Without knowing how [tex]X[/tex] is distributed, or what its PMF happens to be, we can't completely answer the question. However, recall that
[tex]\cos(-kx)=\cos kx[/tex]
[tex]\sin(-kx)=-\sin kx[/tex]
If [tex]Y=\cos(\pi X)[/tex], then
[tex]\mathbb E[Y]=\displaystyle\sum_{k\in\mathbb Z}\cos(k\pi)\,\mathbb P(X=k)[/tex]
By the symmetry of [tex]X[/tex],
[tex]\mathbb E[Y]=\mathbb P(X=0)+2\displaystyle\sum_{k\ge1}\cos(k\pi)\,\mathbb P(X=k)[/tex]
Splitting on the even and odd [tex]k[/tex], and using the fact that [tex]\cos(k\pi)=(-1)^k[/tex] for [tex]k\in\mathbb Z[/tex], we can write this as
[tex]\mathbb E[Y]=\mathbb P(X=0)+2\displaystyle\sum_{\ell\ge1}\bigg(\mathbb P(X=2\ell)-\mathbb P(X=2\ell-1)\bigg)[/tex]

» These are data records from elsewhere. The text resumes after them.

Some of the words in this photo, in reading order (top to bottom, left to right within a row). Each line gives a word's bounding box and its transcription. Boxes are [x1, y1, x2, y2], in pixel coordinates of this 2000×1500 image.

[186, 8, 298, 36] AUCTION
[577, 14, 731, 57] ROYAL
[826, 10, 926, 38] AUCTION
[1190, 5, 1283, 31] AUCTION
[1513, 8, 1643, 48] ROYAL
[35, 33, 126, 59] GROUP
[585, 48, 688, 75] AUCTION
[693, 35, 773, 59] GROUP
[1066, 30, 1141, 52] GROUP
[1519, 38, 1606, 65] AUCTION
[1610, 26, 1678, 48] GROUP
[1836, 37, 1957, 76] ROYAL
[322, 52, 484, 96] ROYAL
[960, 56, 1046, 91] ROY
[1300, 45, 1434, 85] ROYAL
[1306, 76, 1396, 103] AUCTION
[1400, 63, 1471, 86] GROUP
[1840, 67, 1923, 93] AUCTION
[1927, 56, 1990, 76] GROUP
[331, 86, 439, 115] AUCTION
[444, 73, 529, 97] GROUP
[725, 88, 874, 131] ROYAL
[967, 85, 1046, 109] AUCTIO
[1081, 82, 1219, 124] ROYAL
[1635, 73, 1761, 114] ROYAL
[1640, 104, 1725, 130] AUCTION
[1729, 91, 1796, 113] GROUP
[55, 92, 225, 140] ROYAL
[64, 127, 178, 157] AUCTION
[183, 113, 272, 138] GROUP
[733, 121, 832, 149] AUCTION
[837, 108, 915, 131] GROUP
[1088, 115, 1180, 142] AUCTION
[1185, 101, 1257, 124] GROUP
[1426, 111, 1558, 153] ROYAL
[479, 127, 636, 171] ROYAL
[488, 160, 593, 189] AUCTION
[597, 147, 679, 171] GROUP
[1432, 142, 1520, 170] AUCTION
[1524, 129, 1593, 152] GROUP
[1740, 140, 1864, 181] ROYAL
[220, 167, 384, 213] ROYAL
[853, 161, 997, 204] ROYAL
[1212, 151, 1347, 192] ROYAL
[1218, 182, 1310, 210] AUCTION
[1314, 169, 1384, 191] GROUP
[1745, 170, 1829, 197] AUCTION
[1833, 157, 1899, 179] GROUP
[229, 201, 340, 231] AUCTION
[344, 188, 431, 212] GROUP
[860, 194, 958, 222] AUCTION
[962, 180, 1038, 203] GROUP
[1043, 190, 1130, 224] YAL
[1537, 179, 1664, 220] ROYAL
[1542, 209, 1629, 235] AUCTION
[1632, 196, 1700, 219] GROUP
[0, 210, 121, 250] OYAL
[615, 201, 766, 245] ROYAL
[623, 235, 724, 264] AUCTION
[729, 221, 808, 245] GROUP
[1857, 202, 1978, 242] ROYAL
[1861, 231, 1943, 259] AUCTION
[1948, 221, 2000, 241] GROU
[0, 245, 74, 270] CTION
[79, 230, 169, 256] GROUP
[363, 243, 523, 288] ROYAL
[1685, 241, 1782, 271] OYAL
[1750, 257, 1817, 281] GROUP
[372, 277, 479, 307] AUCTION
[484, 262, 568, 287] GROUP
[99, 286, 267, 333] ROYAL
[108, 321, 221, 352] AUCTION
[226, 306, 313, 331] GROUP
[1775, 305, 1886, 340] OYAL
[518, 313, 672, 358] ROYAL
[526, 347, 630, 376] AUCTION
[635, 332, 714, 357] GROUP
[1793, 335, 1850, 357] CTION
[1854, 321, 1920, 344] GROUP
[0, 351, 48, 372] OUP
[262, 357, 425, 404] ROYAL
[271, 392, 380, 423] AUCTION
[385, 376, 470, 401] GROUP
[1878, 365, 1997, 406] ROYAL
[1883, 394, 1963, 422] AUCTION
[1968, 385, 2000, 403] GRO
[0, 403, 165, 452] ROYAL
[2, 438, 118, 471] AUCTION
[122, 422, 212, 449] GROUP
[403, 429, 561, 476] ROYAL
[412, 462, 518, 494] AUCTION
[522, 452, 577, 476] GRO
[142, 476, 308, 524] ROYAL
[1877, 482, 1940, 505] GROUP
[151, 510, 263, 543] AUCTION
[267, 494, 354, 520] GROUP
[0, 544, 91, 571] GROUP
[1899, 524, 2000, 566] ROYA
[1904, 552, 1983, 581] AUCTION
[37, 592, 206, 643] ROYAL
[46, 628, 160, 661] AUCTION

but without knowing how [tex]X[/tex] is distributed, we can't go any further as far as I'm aware.
For [tex]Y=\sin(\pi X)[/tex], we would have
[tex]\mathbb E[Y]=\mathbb E[\sin(\pi X)]=\displaystyle\sum_{k\in\mathbb Z}\sin(k\pi)\,\mathbb P(X=k)[/tex]
but [tex]\sin(k\pi)=0[/tex] for all integers [tex]k[/tex]. Thus [tex]\mathbb E[\sin(X\pi)]=0[/tex].